[Opening MATERIAL FOR THIS TASK section]

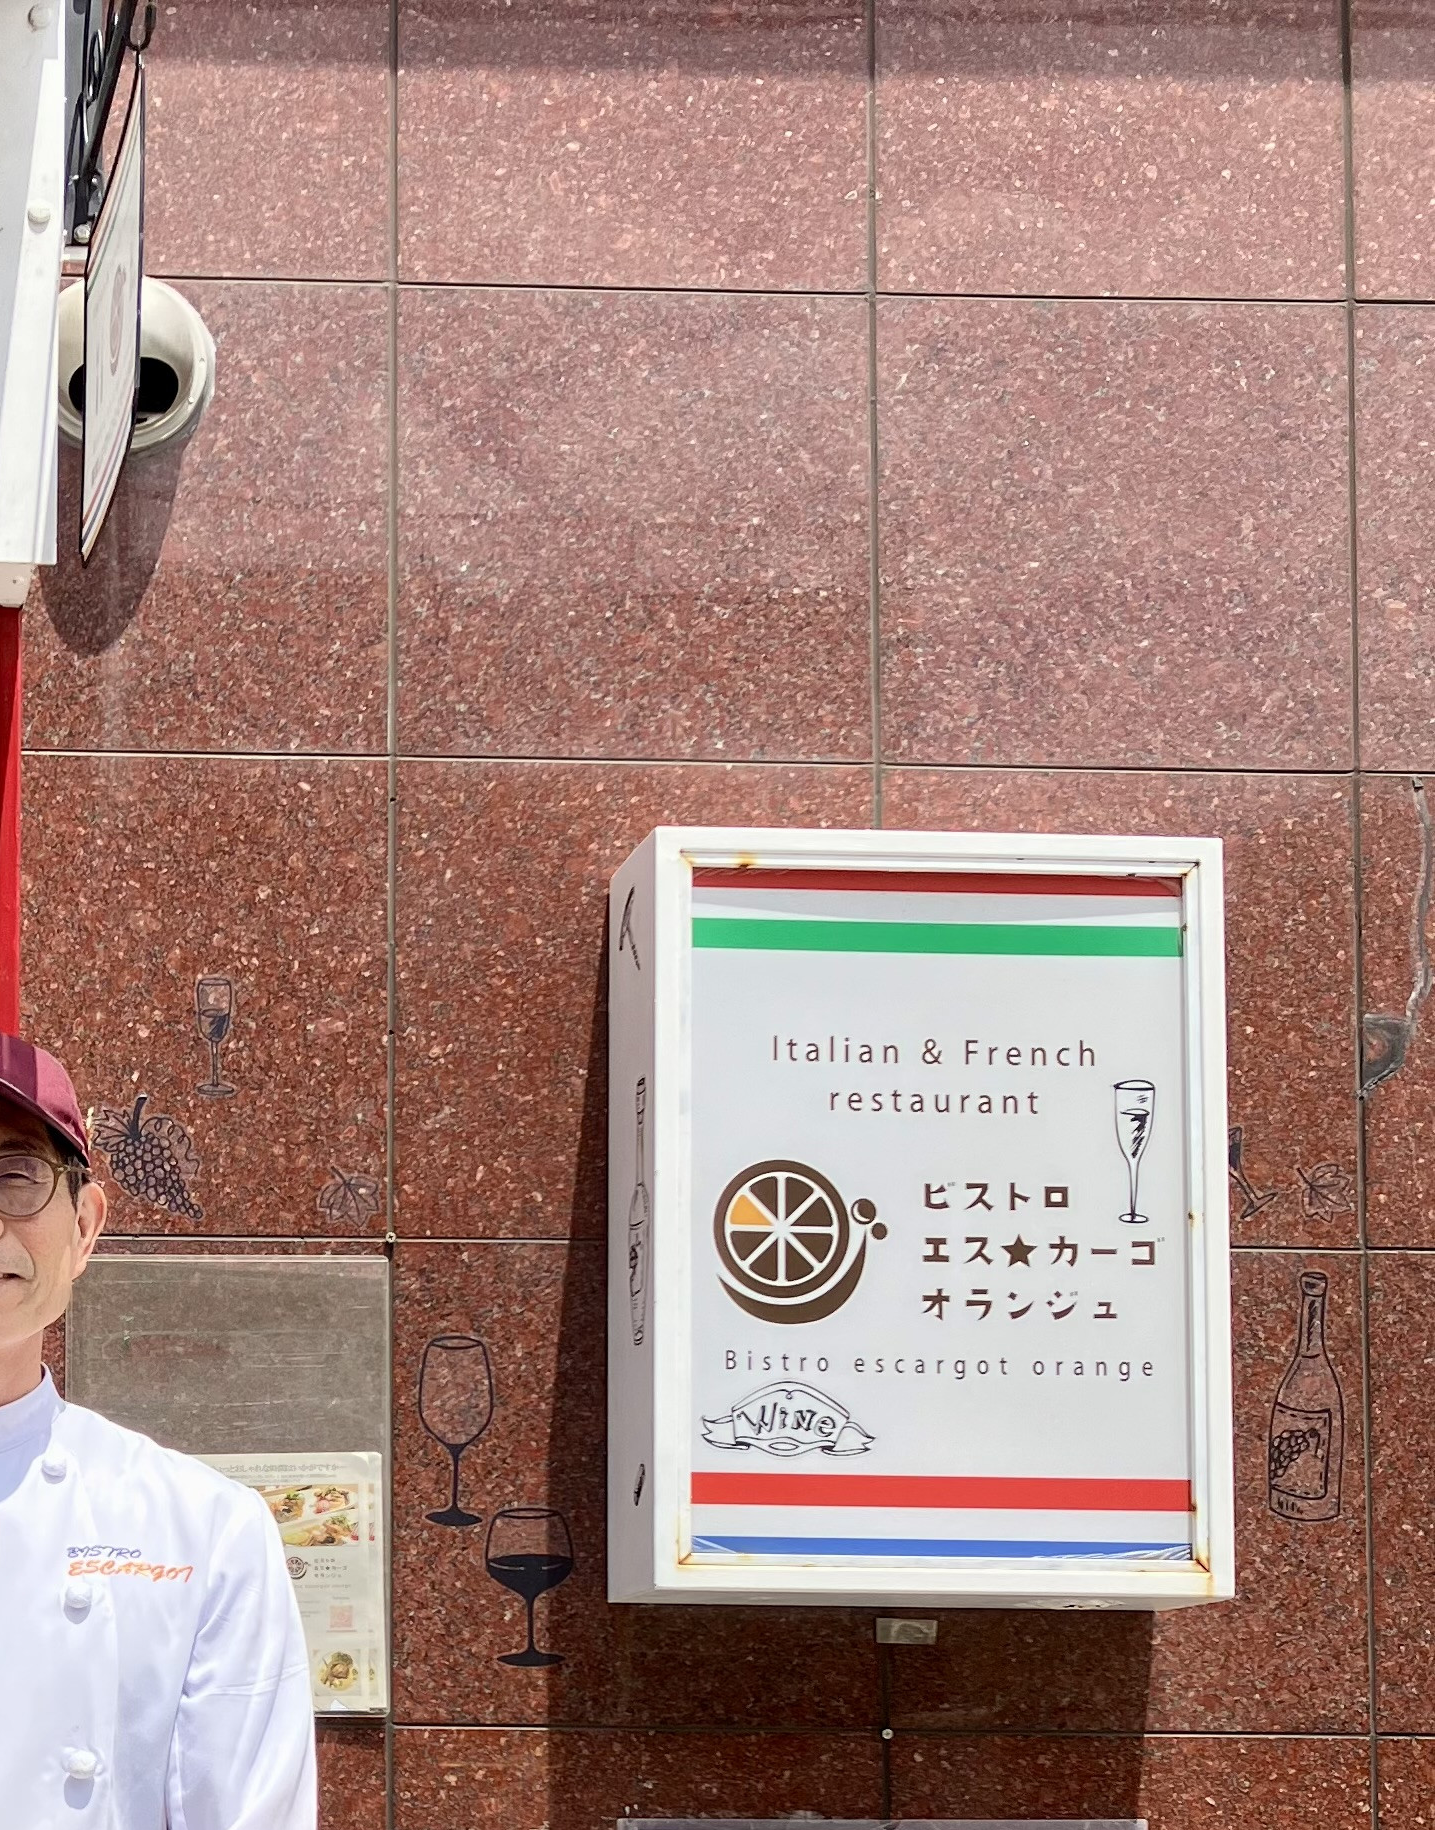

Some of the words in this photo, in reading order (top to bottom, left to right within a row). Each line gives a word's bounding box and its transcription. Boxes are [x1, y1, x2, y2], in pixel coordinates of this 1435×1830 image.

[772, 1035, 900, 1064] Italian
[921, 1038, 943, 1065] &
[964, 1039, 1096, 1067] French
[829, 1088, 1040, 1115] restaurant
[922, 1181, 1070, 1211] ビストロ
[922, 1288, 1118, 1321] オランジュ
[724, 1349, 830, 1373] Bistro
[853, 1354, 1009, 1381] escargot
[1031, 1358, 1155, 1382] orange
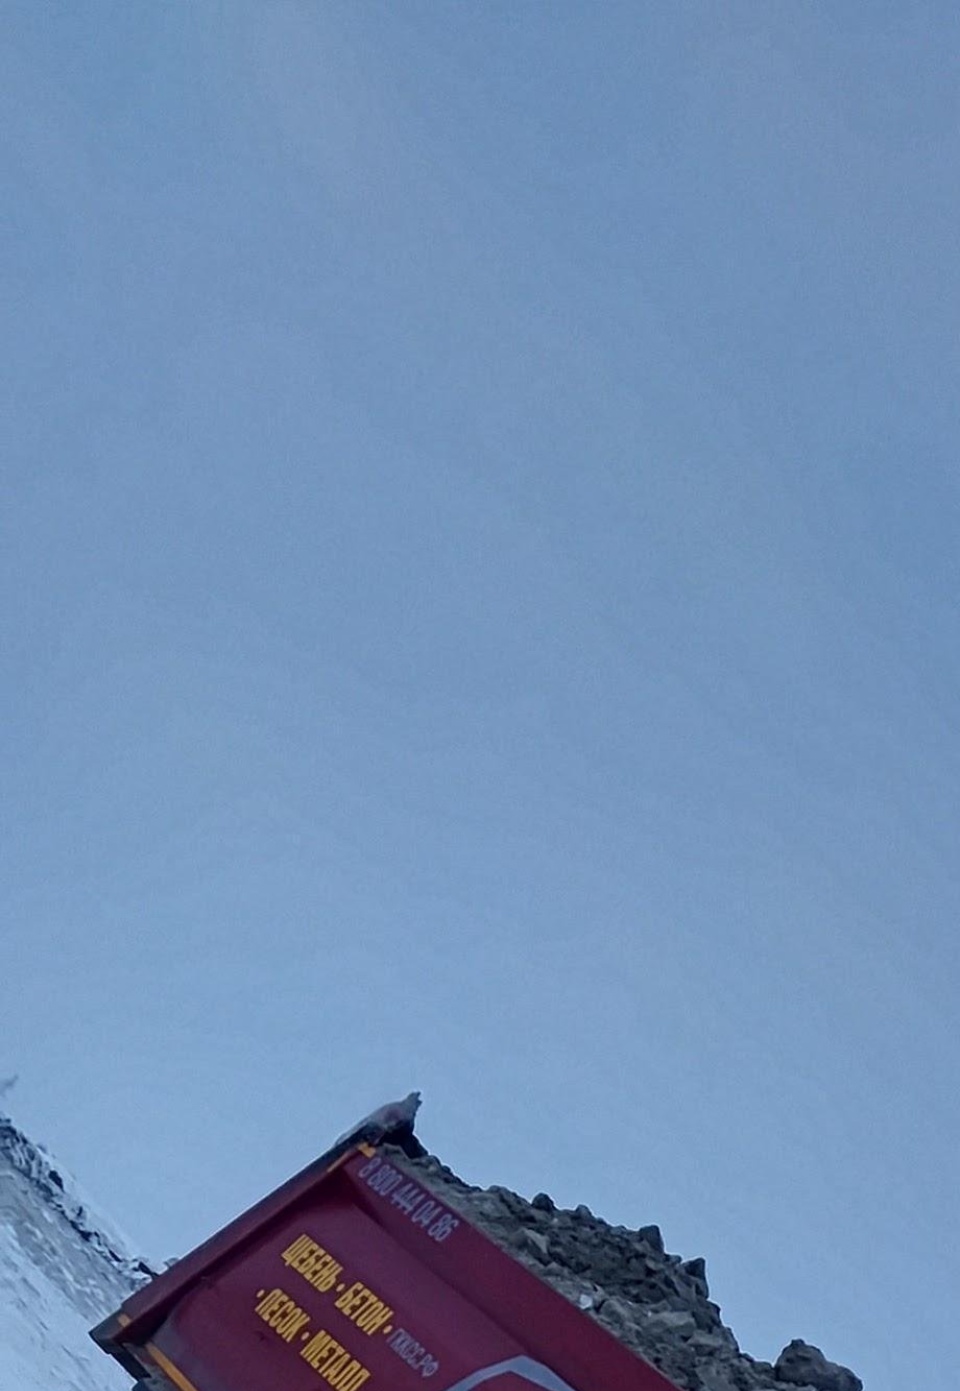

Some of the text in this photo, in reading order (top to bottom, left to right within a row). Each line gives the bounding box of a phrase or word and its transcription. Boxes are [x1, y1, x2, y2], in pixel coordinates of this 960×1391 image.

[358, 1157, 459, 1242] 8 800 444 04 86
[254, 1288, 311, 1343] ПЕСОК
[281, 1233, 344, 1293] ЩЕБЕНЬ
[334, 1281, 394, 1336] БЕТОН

[Closing MATERIAL FOR THIS TASK section]

• **REQUIRED WORK**: Give back, word for word, the lines from the one with "Some of the text" through the last line of the entries, both included, and no other line.

• **EXERCISE ANSWER**:
Some of the text in this photo, in reading order (top to bottom, left to right within a row). Each line gives the bounding box of a phrase or word and its transcription. Boxes are [x1, y1, x2, y2], in pixel coordinates of this 960×1391 image.

[358, 1157, 459, 1242] 8 800 444 04 86
[254, 1288, 311, 1343] ПЕСОК
[281, 1233, 344, 1293] ЩЕБЕНЬ
[334, 1281, 394, 1336] БЕТОН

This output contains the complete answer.